Mention the Baja California town of Ensenada and it's a good bet that the first word that leaps to mind won't be art. This semi-languid Mexican coastal city of about 250,000 people, an hour and change south of Tijuana, is about sport fishing, cruise ships, RVs, off-road motor racing and tequila sunrises. A walk down the low-slung main drag of Avenida Lopez Mateos at happy hour among the vendors of cheap huaraches, sombreros, blankets, naughty T-shirts and Viagra at 30% off suggests preoccupations that fall somewhat shy of culture. If, in fact, Ensenada is a town with a true history predating all this -- the Manila galleons used to take shelter here, and indigenous tribes have long populated the area -- these days the conversation pouring from the cantinas and restaurants tends to be between Corona and Bud Light.
Yet over the years Ensenada has quietly become a key contact point for the work of the region's artisans and mainland Mexico's bottomless fount of folk crafts. Considering that Mexico is generally regarded, along with the Indian subcontinent, as the world's richest source of hand-crafted arts, this is saying quite a lot. But paradox is not uncommon in a less orderly culture, and in this sporty town of budget sybaritism ("Full Swedish Body Massage for $40," reads one flier), where the Baja 500 kicks up dust every year and the blaring horns of massive cruise ships drown out the mariachis' keening laments, artistic revelation awaits the visitor willing to look beneath the surface.
Beautiful ceramics, basketry, lacquerware, woodwork, silver jewelry, textiles and other crafts from Baja, nearby Chihuahua and the great classic regions of central and southern Mexico -- Michoacan, Guanajuato, Oaxaca, Chiapas -- can be found in select Ensenada galleries and shops.
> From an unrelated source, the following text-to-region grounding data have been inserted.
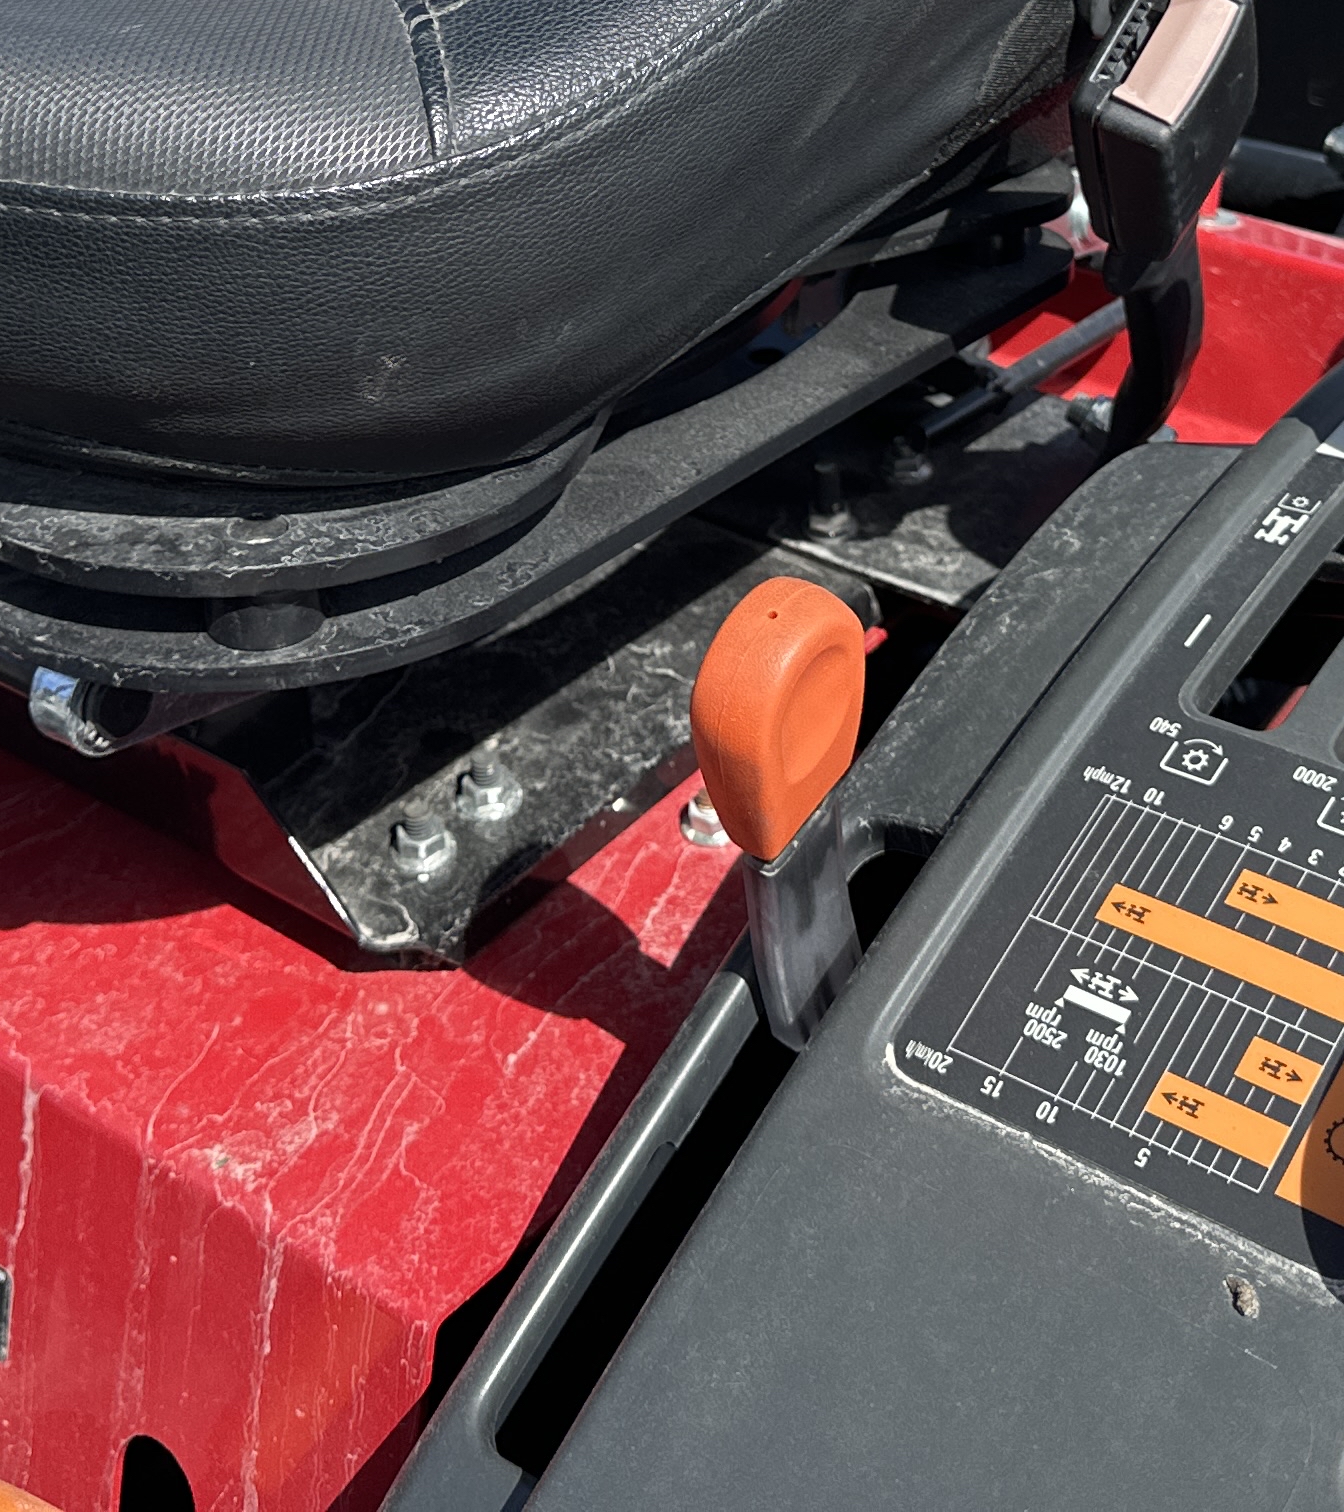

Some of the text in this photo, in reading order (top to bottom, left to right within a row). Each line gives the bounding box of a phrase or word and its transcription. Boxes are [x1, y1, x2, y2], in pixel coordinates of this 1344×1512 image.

[1149, 717, 1182, 738] 540
[1293, 766, 1338, 792] 2000
[1143, 787, 1166, 806] 10
[1218, 814, 1234, 831] 6
[1248, 826, 1264, 843] 5
[1277, 837, 1293, 853] 4
[1307, 849, 1323, 865] 3
[1025, 1002, 1063, 1027] rpm
[1023, 1018, 1068, 1050] 2500
[1085, 1028, 1124, 1054] rpm
[1084, 1046, 1127, 1077] 1030
[905, 1039, 1151, 1168] 5 10 15 20km/h
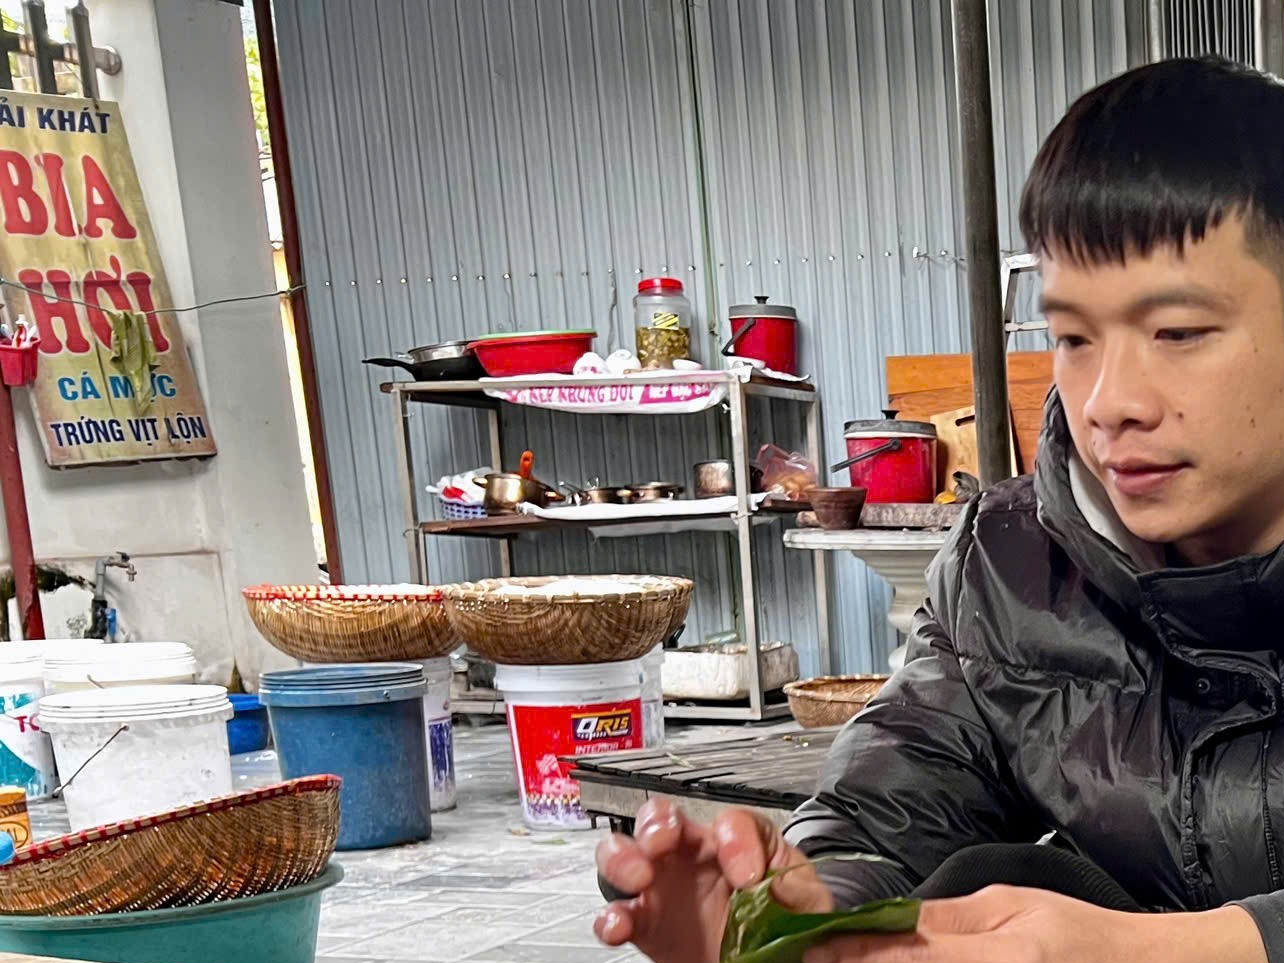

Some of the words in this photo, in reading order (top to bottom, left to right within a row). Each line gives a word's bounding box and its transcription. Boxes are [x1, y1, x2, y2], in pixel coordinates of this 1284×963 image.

[37, 106, 110, 134] KHÁT
[0, 150, 137, 239] BIA
[18, 255, 170, 353] HƠI
[57, 371, 100, 401] CÁ
[50, 416, 125, 447] TRỨNG
[128, 417, 159, 446] VỊT
[164, 412, 207, 444] LỘN
These handmade goods, many of them quite inexpensive, lend uncommon beauty, depth and sensuality to the lives of those fortunate enough to have them.
THE Galeria Perez Meillon, low and narrow, with just enough room to move about, at first glance seems a modest enterprise, but as so often in Mexico, humble appearances may deceive. The exquisite objects filling the shelves are gathered mainly from villages in the Baja region and northern Chihuahua. They seem to erase the line between store and exhibition space.
With the arrival of owner Adalberto Perez Meillon, things quickly become clearer. An affable, informed man somewhere in early middle age, Perez Meillon tells how his gallery came about. Like so many dealers in fine art and crafts, the work surrounding him mirrors a personal obsession.
After completing his education, he received a government grant to go to the poor Casas Grandes region in the mountains of northern Chihuahua to promote change -- economic, social and ecological. "What I found there was so rich culturally, it changed me instead," Perez Meillon says. "I visited archeological sites, met indigenous artists in the villages. They inspired me to do something with this art."
After working as a teacher, Perez Meillon opened his gallery in 1988. Since then he has exhibited the work at American galleries and institutions such as the Southwest Museum in Los Angeles and the San Diego Museum of Man, and he sells to customers and collectors, mostly from the United States.
At the heart of Perez Meillon's collection is pottery from the northern Chihuahua village of Mata Ortiz, home to one of Mexico's most remarkable craft artists, ceramist Juan Quezada. Inspired by prehistoric shards he'd come upon in the region, Quezada began making pottery in the 1970s. These hand-painted, stone-burnished pots and vases, with their powerful geometric designs and lizard motifs, immediately seduce the eyes and senses.
Now scores of potters in Mata Ortiz -- indeed, entire extended families -- create these superb pieces, the best of them ending up in museum collections. Prices have soared, with some Quezada works selling for $2,500, but less intricate pottery goes for as little as $25.